Advocate. Inform. Empower

Does your medical aid support your diagnosis?

With Infertility increasing globally, the need for fertility treatments are increasing year on year. And as medical schemes continue to offer little to no cover for treatment, (many of them having a blanket exclusion on infertility, right before listing participation in terrorist activity and wilful violation of the law!) rather than fair treatment for a recognised disease, the options to create one’s own family may be out of reach for many. When somebody becomes a member of a medical aid they do it for peace of mind that when diagnosed with a recognised disease entity the medical aid will support them with fair payment of treatment. This is however not always the case. At recent IFAASA seminars, Saskia Williams, Meggan Zunckel and Tarryn Jacobs touted for support from the many attendees.

The support received was overwhelming with over 600 proxy votes received for the annual Discovery Health AGM. Following the AGM, IFAASA was invited to a meeting with Discovery to discuss the issue of funding for infertility treatment. The meeting was positive and discussion will continue with both ourselves and SASREG.

South Africa has some of the highest rated IVF clinics in the world, many with over 20 years experience in using cutting edge technology to assist in achieving much longed for families. But many medical aids’ reluctance to consider fair cover for fertility treatments is making this avenue of hope inaccessible to many hopeful future parents.

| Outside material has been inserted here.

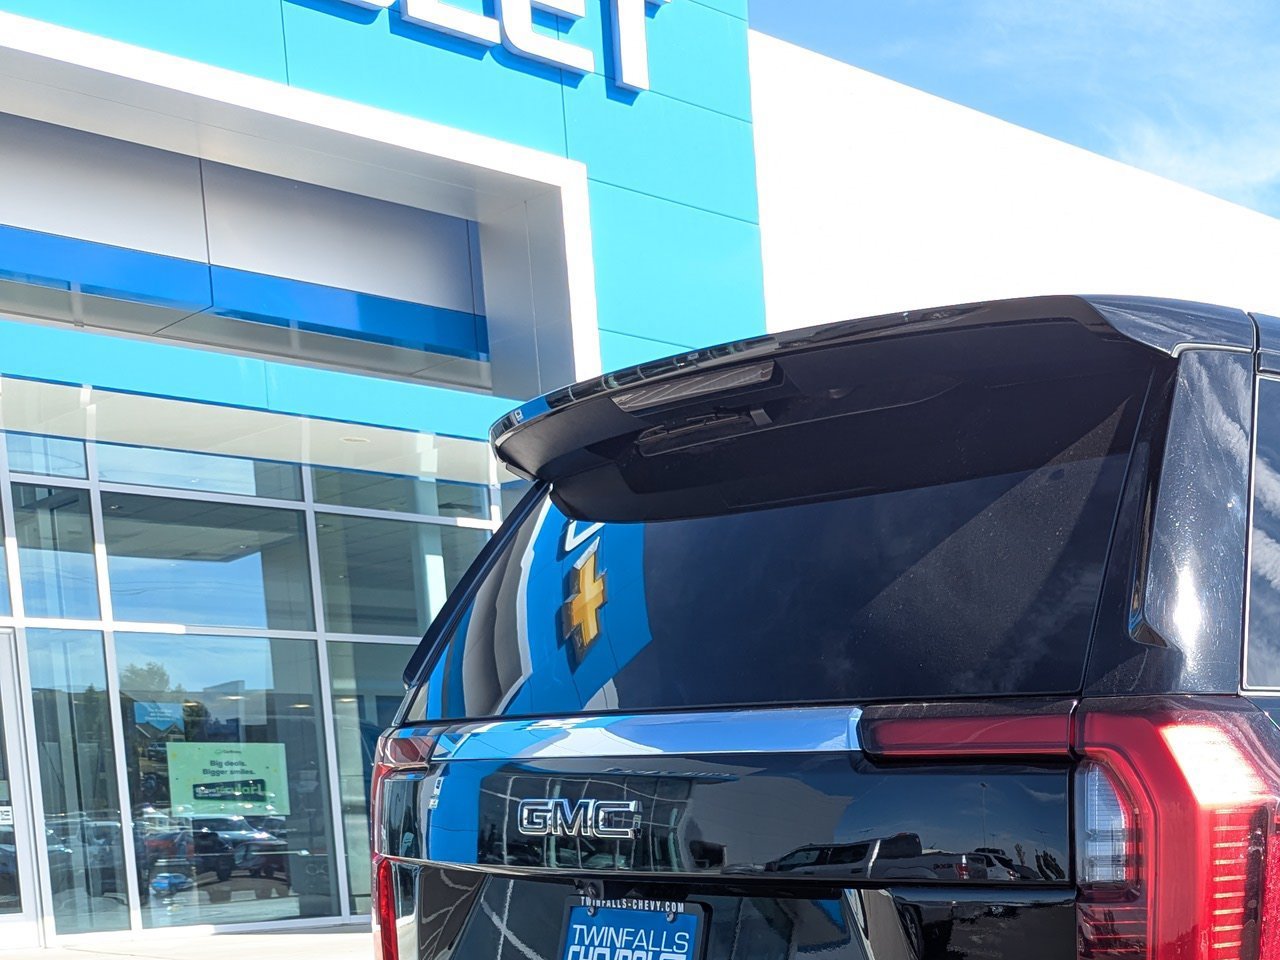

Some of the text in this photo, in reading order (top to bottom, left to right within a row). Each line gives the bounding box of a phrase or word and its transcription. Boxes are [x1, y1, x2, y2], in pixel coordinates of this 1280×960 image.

[210, 760, 223, 768] Big
[202, 769, 228, 777] Bigger
[518, 798, 641, 838] GMC

These are very rocky times for South Africa’s many unhappy childless. Desperate couples will go to otherwise unimaginable lengths to pay for treatments anyway with many re-mortgaging homes or taking out significant personal loans.

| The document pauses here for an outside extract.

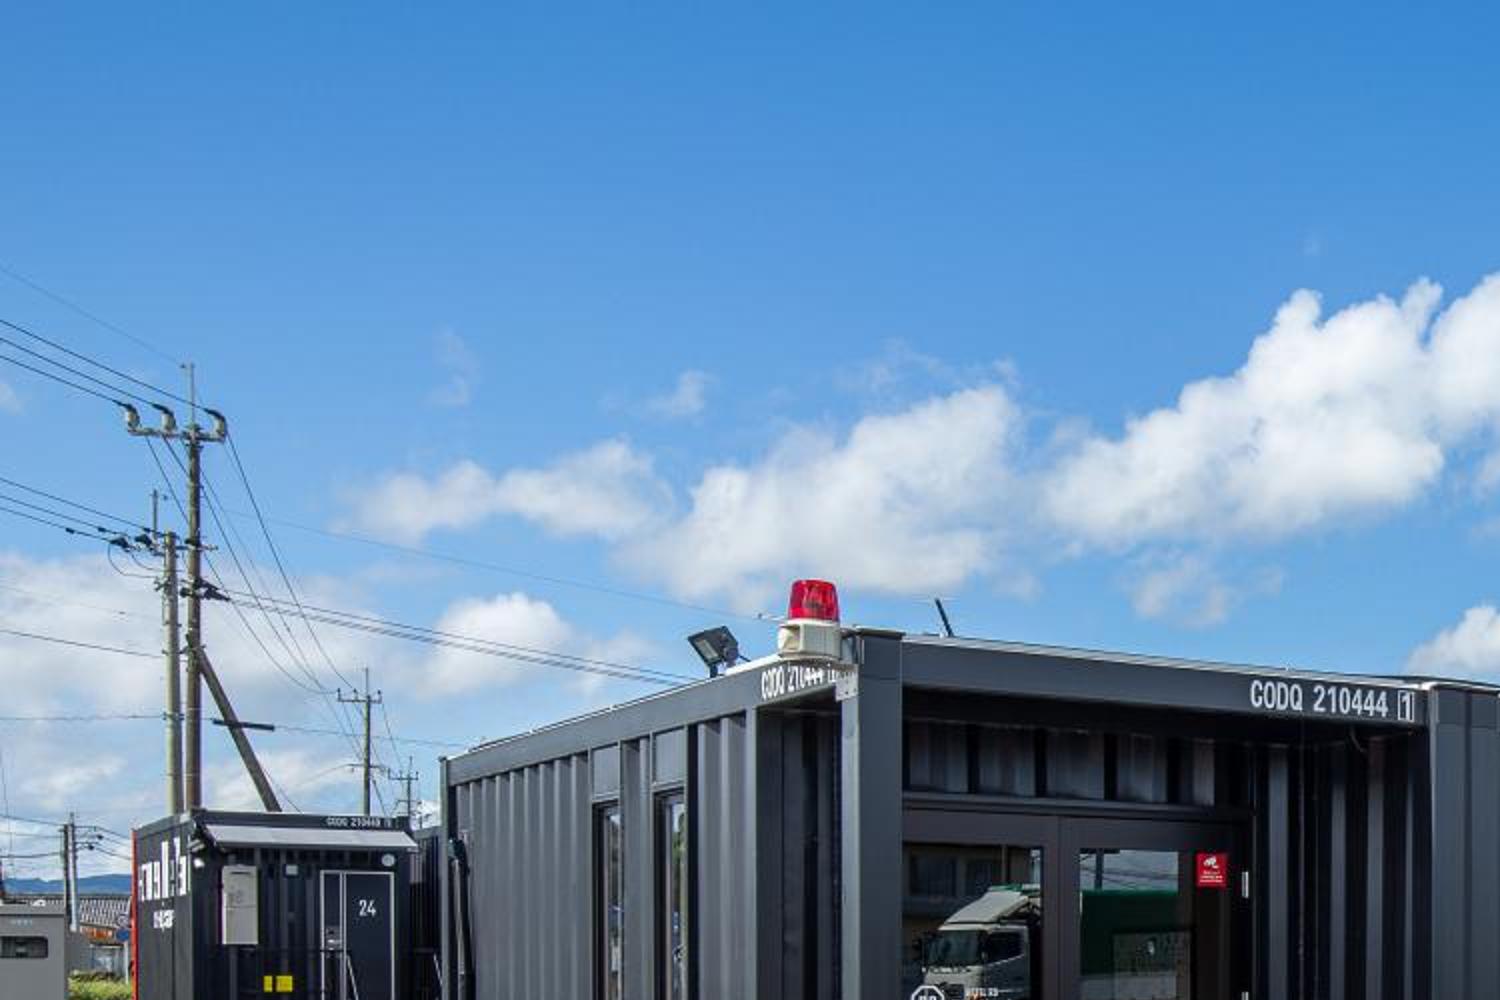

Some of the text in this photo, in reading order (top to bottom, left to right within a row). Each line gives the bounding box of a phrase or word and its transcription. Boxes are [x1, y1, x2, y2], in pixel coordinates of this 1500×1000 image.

[1250, 679, 1414, 721] CODQ 210444 1
[359, 899, 376, 917] 24

Furthermore, in a desperate attempt to maximise the few treatment cycles that people can now afford, as many embryos as is allowed / possible are transferred per cycle, often resulting in multiple pregnancy. Ironically enough, not only does this trend increase the actual cost to the medical aids in for example NICU time, but the risks to mother and babies increase. And costs continue to accumulate for the medical aids with continued support and intervention into childhood for some of these children.

Meggan Zunckel, founder of IFAASA, recognises that women who badly want a child will do anything and that troubles her. “We need the medical aids to realise the benefit to themselves and their paying members by being a supporting rather than an opposing force in treating infertility” she says.

It is critical that members of medical aids investigate and understand the process required for payment of infertility tests and procedures. This information can be found on the IFAASA website at:
https://www.ifaasa.co.za/infertility-and-medical-aid-schemes/

Empowering yourself with knowledge is the only tool members have to ensure that their medical aid works for them.